** EXTRACTED INFORMATION follows **

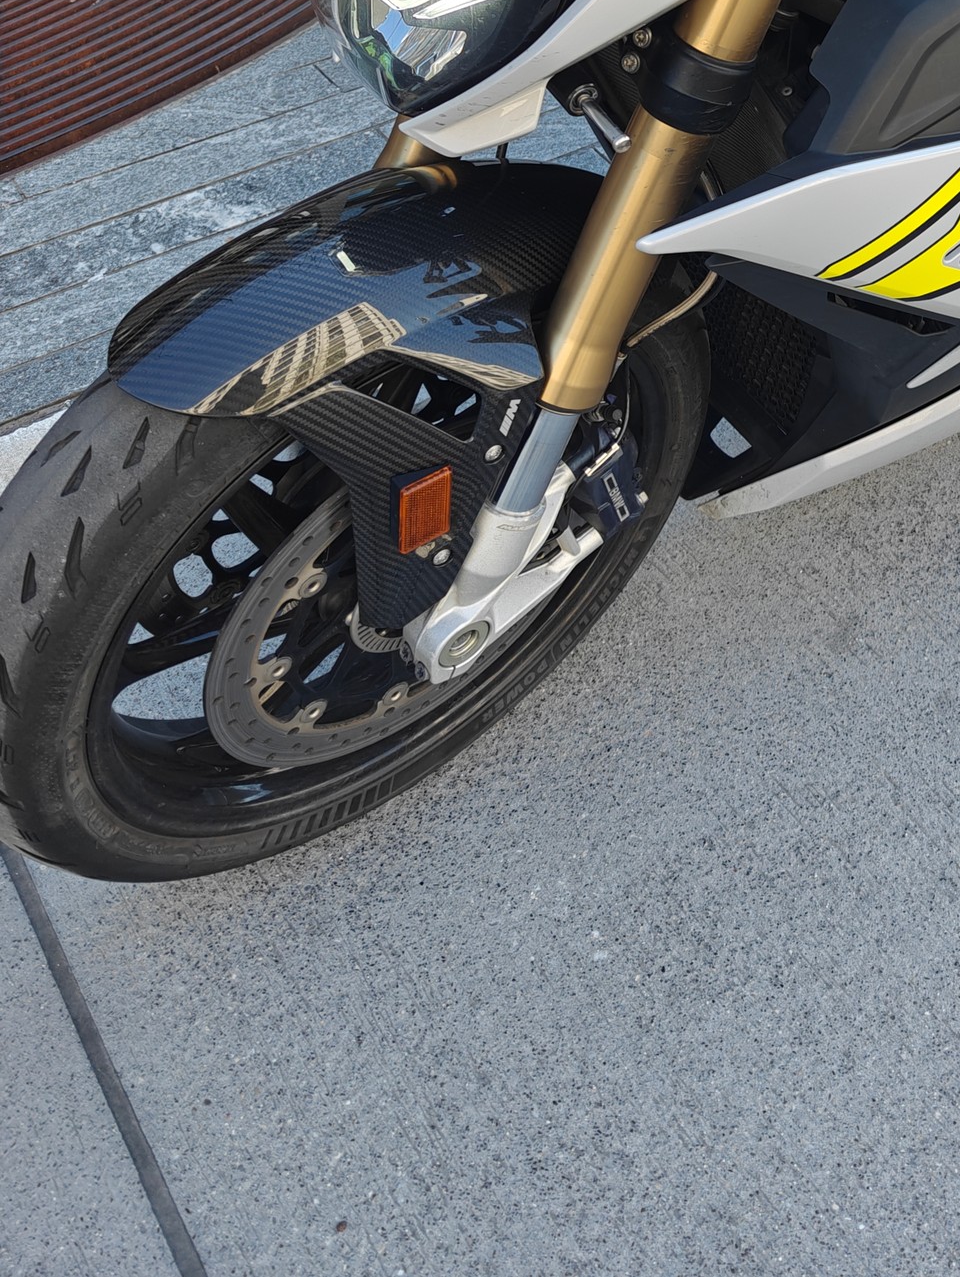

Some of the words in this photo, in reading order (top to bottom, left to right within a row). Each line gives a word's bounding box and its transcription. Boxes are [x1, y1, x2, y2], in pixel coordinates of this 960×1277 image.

[609, 487, 626, 510] BMW
[560, 547, 639, 650] MICHELIN
[482, 661, 548, 723] POWER
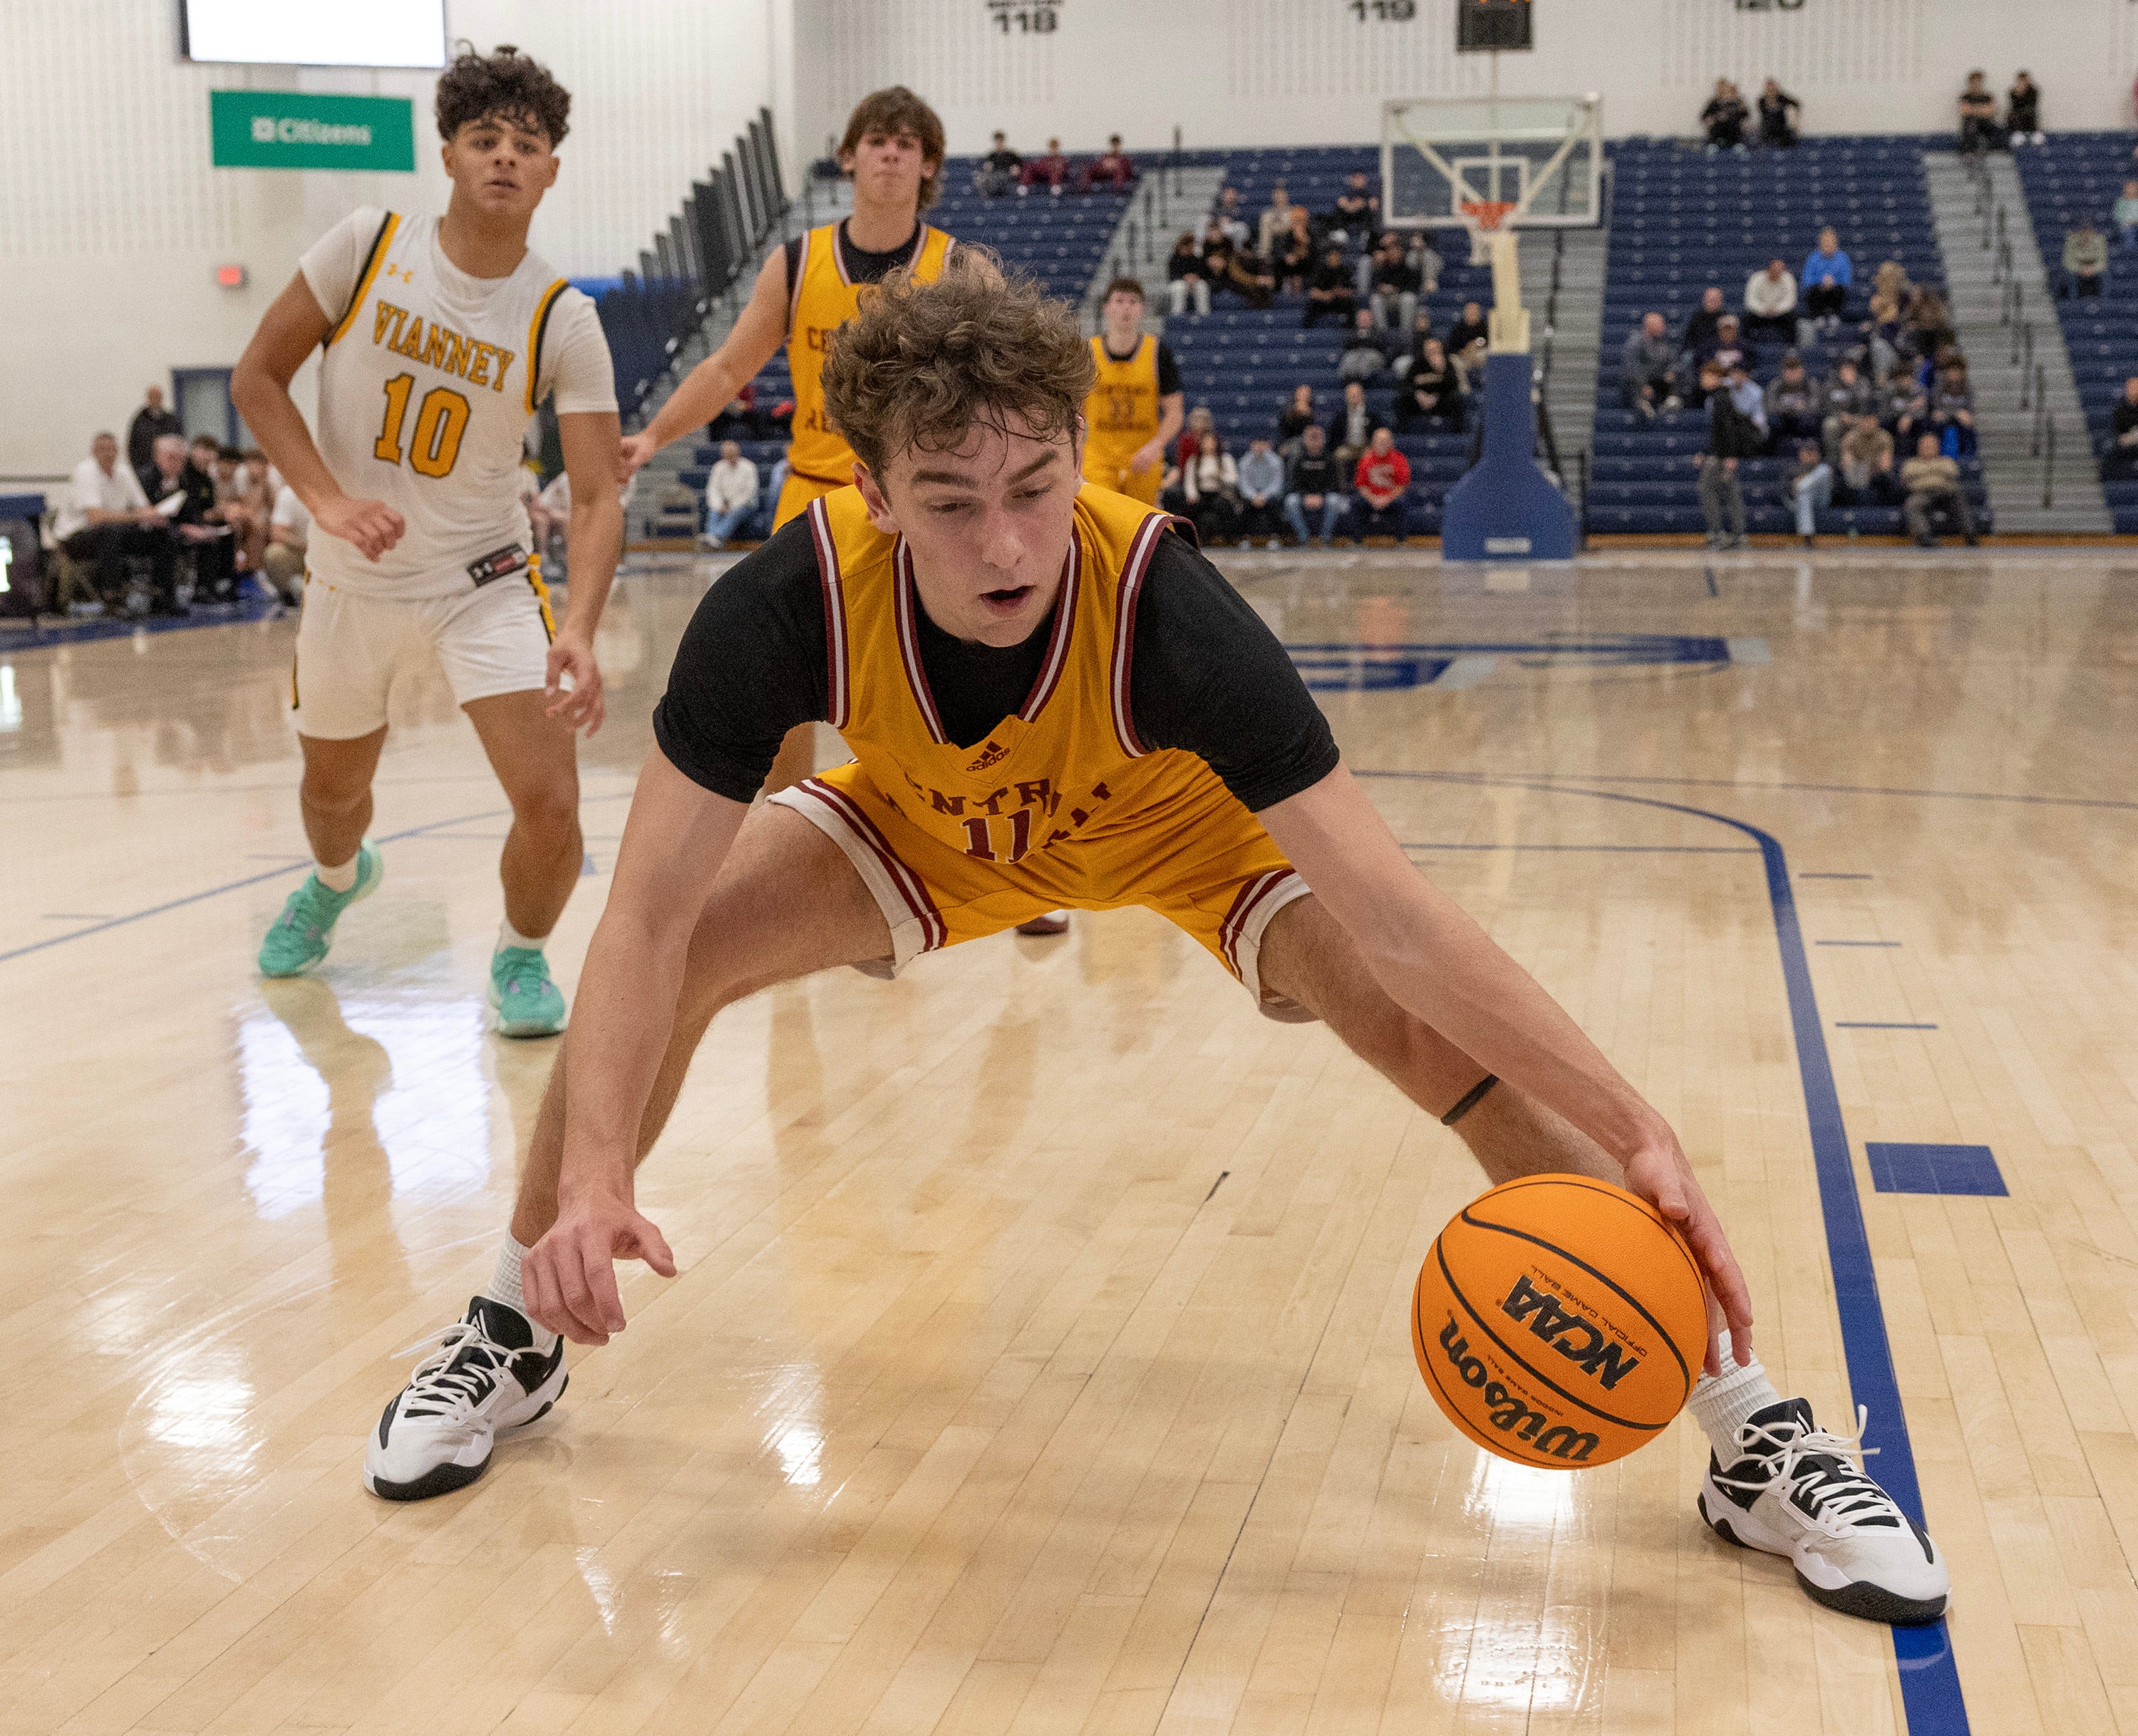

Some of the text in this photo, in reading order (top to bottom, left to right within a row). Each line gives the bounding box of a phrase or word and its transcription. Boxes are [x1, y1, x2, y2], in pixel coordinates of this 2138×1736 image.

[278, 117, 372, 145] Citizens
[373, 299, 515, 392] VIANNEY
[373, 372, 471, 478] 10
[966, 748, 1011, 771] adidas
[960, 808, 1032, 864] 11
[1501, 1274, 1640, 1390] NCAA
[1531, 1265, 1648, 1357] OFFICIAL GAME BALL
[1439, 1316, 1600, 1461] Wilson
[1505, 1375, 1528, 1395] GAME

** End of EXTRACTED INFORMATION **

# WORK ORDER
Copy all records exactly, no images.

# ANSWER TO THE EXERCISE
Some of the words in this photo, in reading order (top to bottom, left to right within a row). Each line gives a word's bounding box and its transcription. Boxes are [x1, y1, x2, y2], in pixel coordinates of this 960×1277 image.

[609, 487, 626, 510] BMW
[560, 547, 639, 650] MICHELIN
[482, 661, 548, 723] POWER

Some of the text in this photo, in reading order (top to bottom, left to right within a row). Each line gives the bounding box of a phrase or word and its transcription. Boxes are [x1, y1, x2, y2], in pixel coordinates of this 2138×1736 image.

[278, 117, 372, 145] Citizens
[373, 299, 515, 392] VIANNEY
[373, 372, 471, 478] 10
[966, 748, 1011, 771] adidas
[960, 808, 1032, 864] 11
[1501, 1274, 1640, 1390] NCAA
[1531, 1265, 1648, 1357] OFFICIAL GAME BALL
[1439, 1316, 1600, 1461] Wilson
[1505, 1375, 1528, 1395] GAME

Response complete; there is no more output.